### Problem details
I'd like the full listing transcribed exactly, with no images included.
++++++
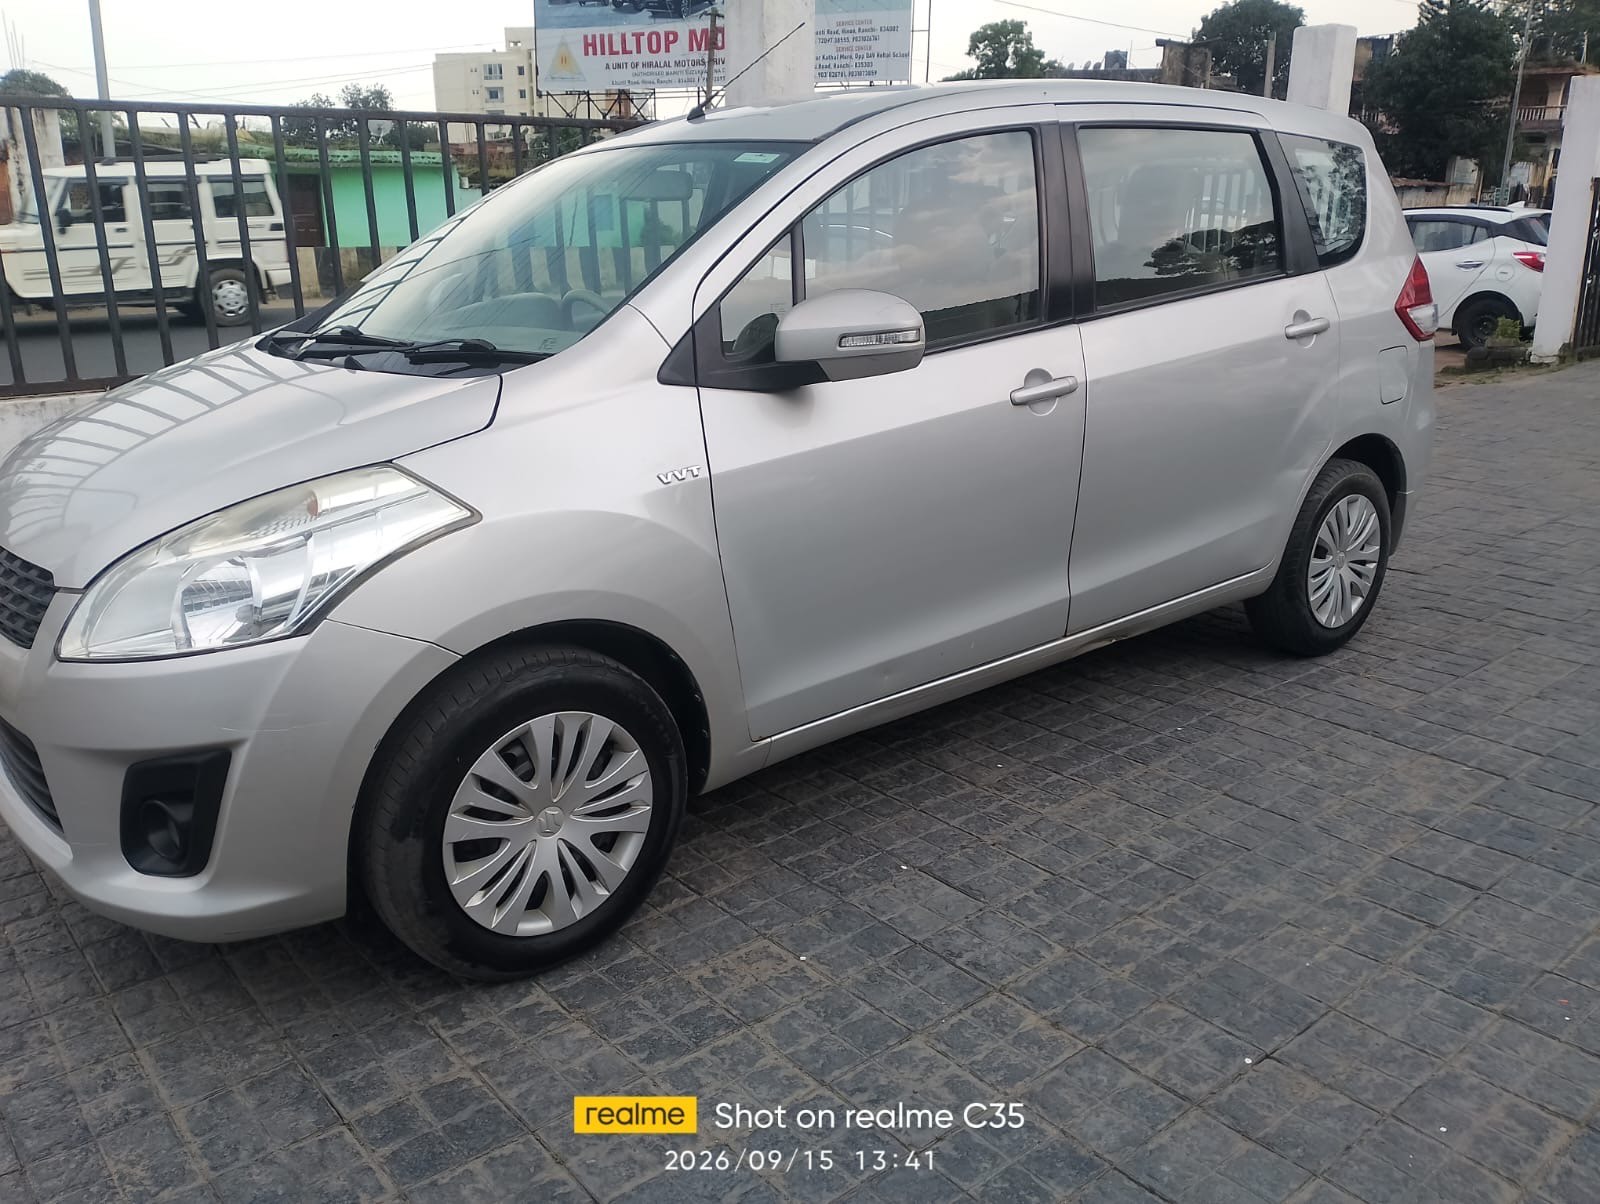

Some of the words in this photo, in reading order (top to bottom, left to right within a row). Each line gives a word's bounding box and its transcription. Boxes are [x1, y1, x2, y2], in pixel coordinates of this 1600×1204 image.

[583, 29, 679, 57] HILLTOP
[605, 62, 610, 70] A
[612, 61, 628, 70] UNIT
[630, 61, 640, 69] OF
[642, 60, 672, 69] HIRALAL
[674, 58, 706, 68] MOTORS
[657, 465, 701, 485] VVT
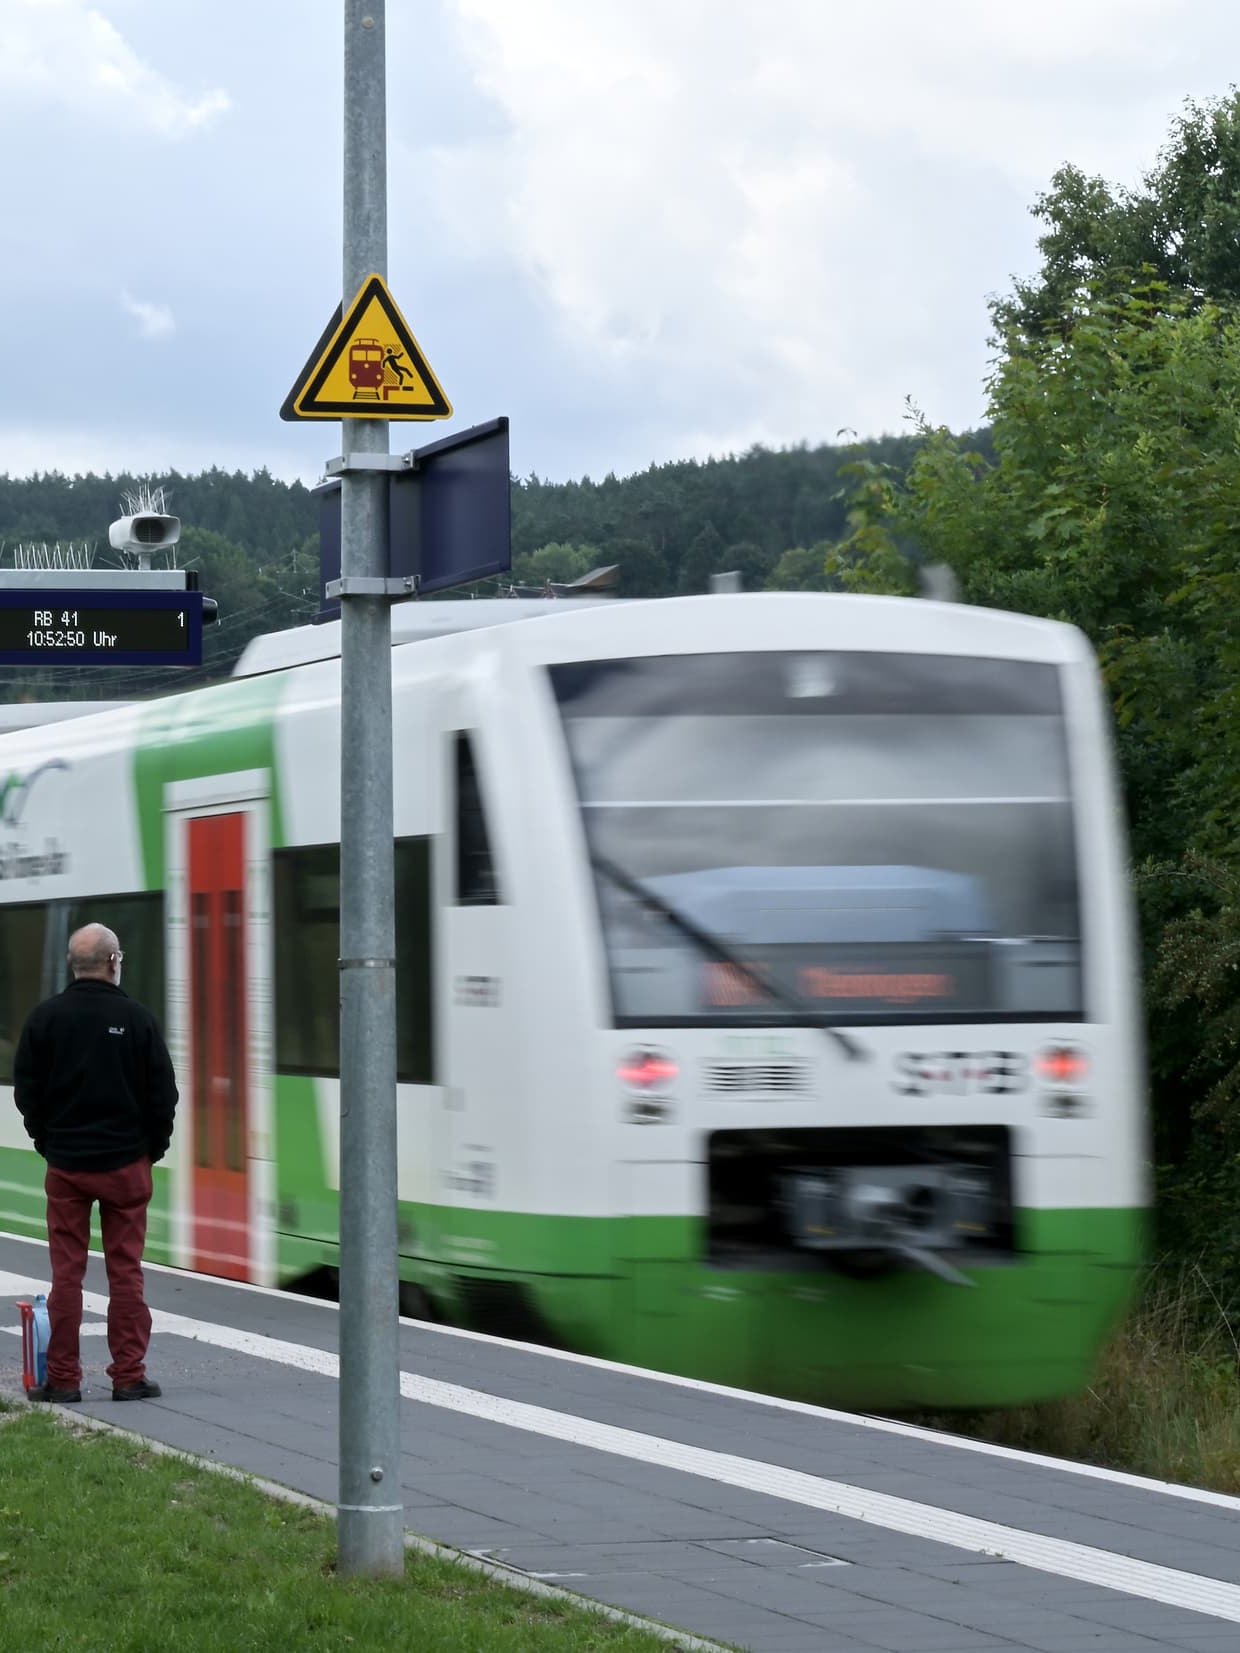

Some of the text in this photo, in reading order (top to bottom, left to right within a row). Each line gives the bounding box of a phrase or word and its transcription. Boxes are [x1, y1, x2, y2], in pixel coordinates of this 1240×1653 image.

[34, 610, 53, 627] RB
[61, 610, 78, 627] 41
[177, 611, 184, 627] 1
[26, 630, 118, 647] 10:52:50 Uhr
++++++
### Exercise response
Some of the words in this photo, in reading order (top to bottom, left to right within a row). Each line gives a word's bounding box and its transcription. Boxes are [x1, y1, x2, y2], in pixel coordinates of this 1600×1204 image.

[583, 29, 679, 57] HILLTOP
[605, 62, 610, 70] A
[612, 61, 628, 70] UNIT
[630, 61, 640, 69] OF
[642, 60, 672, 69] HIRALAL
[674, 58, 706, 68] MOTORS
[657, 465, 701, 485] VVT

Some of the text in this photo, in reading order (top to bottom, left to right within a row). Each line gives the bounding box of a phrase or word and its transcription. Boxes are [x1, y1, x2, y2], in pixel coordinates of this 1240×1653 image.

[34, 610, 53, 627] RB
[61, 610, 78, 627] 41
[177, 611, 184, 627] 1
[26, 630, 118, 647] 10:52:50 Uhr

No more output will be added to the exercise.